During a normal, controlled shutdown (CTRL+C), Logstash finishes processing the current in-flight events (that is, the events being processed by the filter and output stages, not the queued events), finalizes the ACKing of these events, and then terminates the Logstash process. Upon restart, Logstash uses the checkpoint file to pick up where it left off in the persistent queue and processes the events in the backlog.

If Logstash crashes or experiences an uncontrolled shutdown, any in-flight events are left as unACKed in the persistent queue. Upon restart, Logstash will replay the events from its history, potentially leading to duplicate data being written to the output.

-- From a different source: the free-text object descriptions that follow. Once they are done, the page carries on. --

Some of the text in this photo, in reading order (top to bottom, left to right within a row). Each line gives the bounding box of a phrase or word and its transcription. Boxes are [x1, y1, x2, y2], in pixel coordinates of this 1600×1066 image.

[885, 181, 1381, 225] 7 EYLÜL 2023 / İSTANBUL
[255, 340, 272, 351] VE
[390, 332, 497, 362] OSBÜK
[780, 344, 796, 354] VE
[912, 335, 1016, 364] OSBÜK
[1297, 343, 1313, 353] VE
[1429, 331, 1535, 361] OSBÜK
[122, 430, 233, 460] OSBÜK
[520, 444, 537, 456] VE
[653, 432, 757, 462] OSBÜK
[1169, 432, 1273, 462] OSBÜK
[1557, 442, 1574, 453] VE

Configuring Persistent Queuesedit

To configure persistent queues, you can specify the following options in the Logstash settings file:

queue.type: Specify persisted to enable persistent queues. By default, persistent queues are disabled (queue.type: memory).
path.queue: The directory path where the data files will be stored. By default, the files are stored in path.data/queue.
queue.page_capacity: The size of the page data file. The queue data consists of append-only data files separated into pages. The default size is 250mb.
queue.max_events: The maximum number of unread events that are allowed in the queue. The default is 0 (unlimited).
queue.max_bytes: The total capacity of the queue in number of bytes. The default is 1024mb (1gb). Make sure the capacity of your disk drive is greater than the value you specify here. If both queue.max_events and queue.max_bytes are specified, Logstash uses whichever criteria is reached first.

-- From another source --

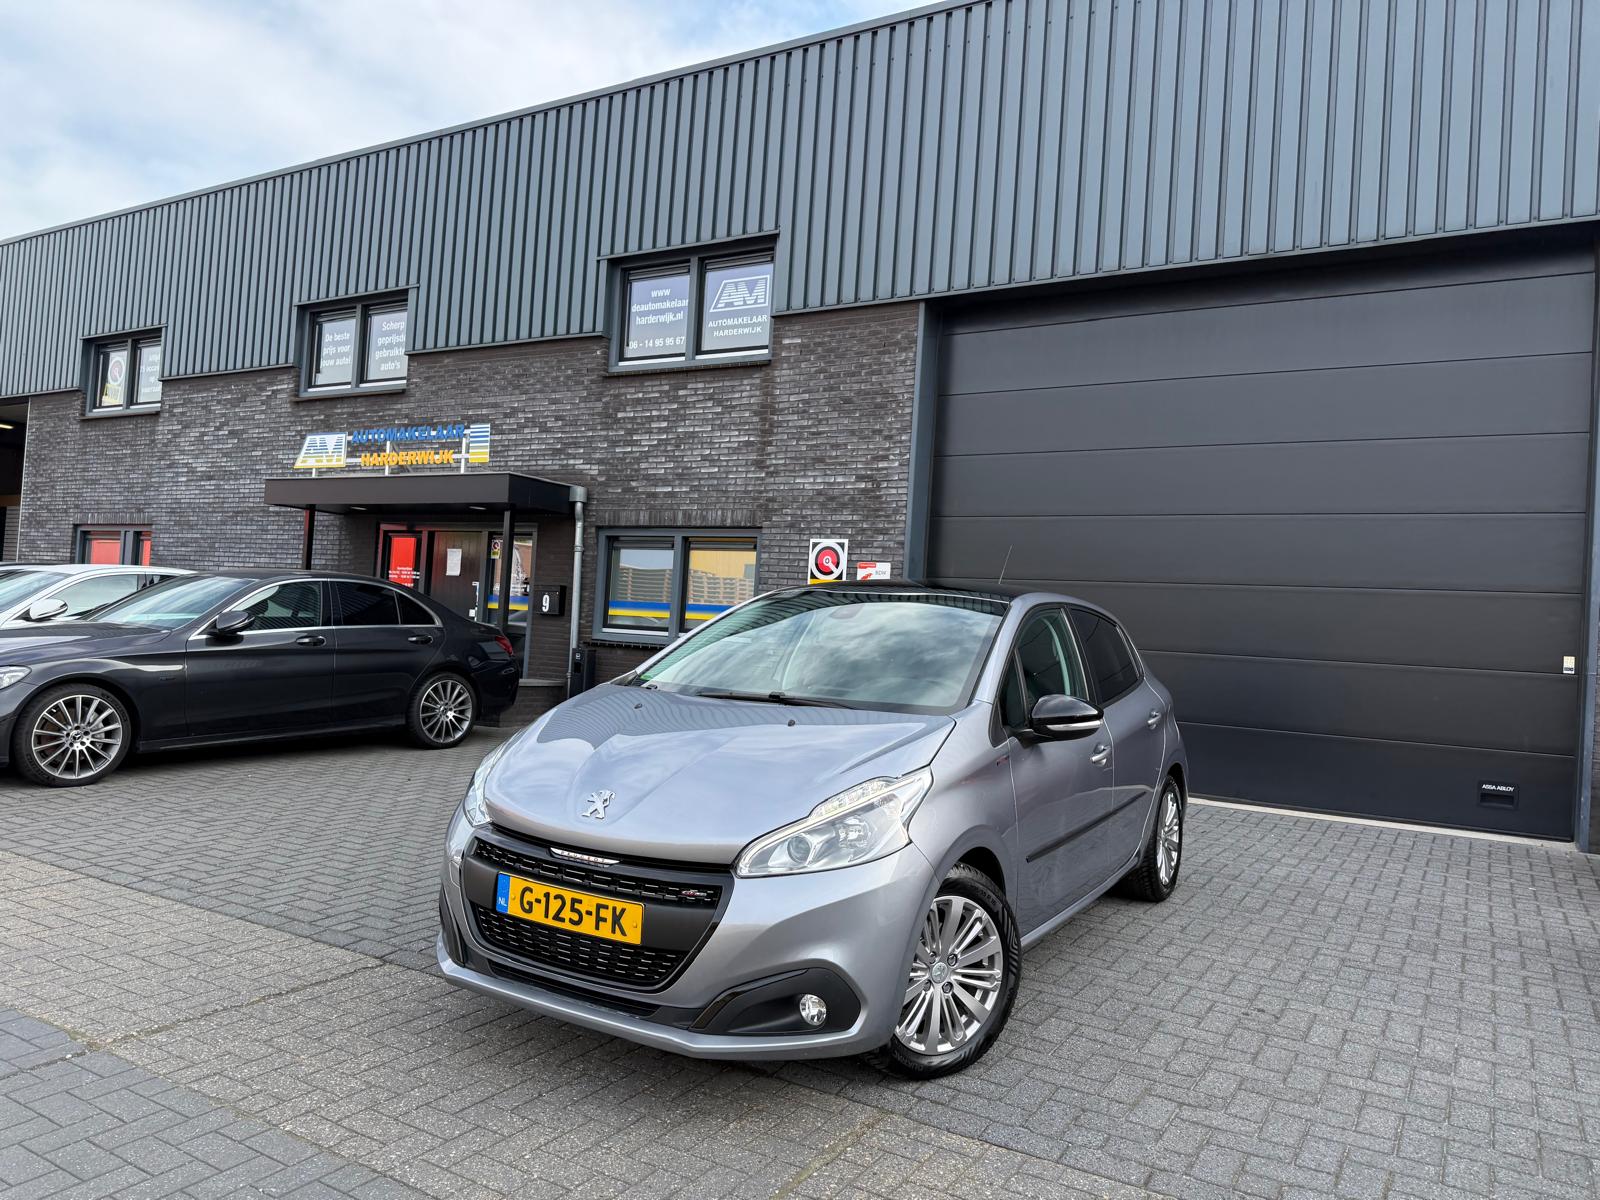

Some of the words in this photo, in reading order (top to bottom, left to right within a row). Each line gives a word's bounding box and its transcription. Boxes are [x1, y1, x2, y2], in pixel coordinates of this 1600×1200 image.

You can also specify options that control when the checkpoint file gets updated (queue.checkpoint.acks, queue.checkpoint.writes, and queue.checkpoint.interval). See Controlling Durability.

Example configuration:

queue.type: persisted
queue.max_bytes: 4gb

Handling Back Pressureedit

Logstash has a built-in mechanism that exerts back pressure on the data flow when the queue is full. This mechanism helps Logstash control the rate of data flow at the input stage without overwhelming downstream stages and outputs like Elasticsearch.

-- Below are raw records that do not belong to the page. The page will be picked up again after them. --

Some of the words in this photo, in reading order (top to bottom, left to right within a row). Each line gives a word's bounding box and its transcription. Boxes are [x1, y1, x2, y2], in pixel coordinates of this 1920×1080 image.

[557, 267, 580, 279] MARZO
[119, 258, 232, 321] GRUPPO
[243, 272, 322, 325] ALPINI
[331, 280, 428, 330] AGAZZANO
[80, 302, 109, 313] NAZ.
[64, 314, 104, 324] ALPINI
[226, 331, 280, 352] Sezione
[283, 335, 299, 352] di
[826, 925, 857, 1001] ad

You can control when back pressure happens by using the queue.max_bytes setting to configure the capacity of the queue on disk. The following example sets the total capacity of the queue to 8gb:

queue.type: persisted
queue.max_bytes: 8gb

With these settings specified, Logstash will buffer unACKed events on disk until the size of the queue reaches 8gb. When the queue is full of unACKed events, and the size limit has been reached, Logstash will no longer accept new events.

Each input handles back pressure independently. For example, when the beats input encounters back pressure, it no longer accepts new connections and waits until the persistent queue has space to accept more events. After the filter and output stages finish processing existing events in the queue and ACKs them, Logstash automatically starts accepting new events.

Controlling Durabilityedit

When the persistent queue feature is enabled, Logstash will store events on disk. The persistent queue exposes the trade-off between performance and durability by providing the following configuration options:

queue.checkpoint.writes: The number of writes to the queue to trigger an fsync to disk. This configuration controls the durability from the producer side. Keep in mind that a disk flush is a relatively heavy operation that will affect throughput if performed after every write. For instance, if you want to ensure that all messages in Logstash’s queue are durable, you can set queue.checkpoint.writes: 1. However, this setting can severely impact performance.
queue.checkpoint.acks: The number of ACKs to the queue to trigger an fsync to disk. This configuration controls the durability from the consumer side.

The process of checkpointing is atomic, which means any update to the file is saved if successful.

If Logstash is terminated, or if there is a hardware level failure, any data that is buffered in the persistent queue, but not yet checkpointed, is lost. To avoid this possibility, you can set queue.checkpoint.writes: 1, but keep in mind that this setting can severely impact performance.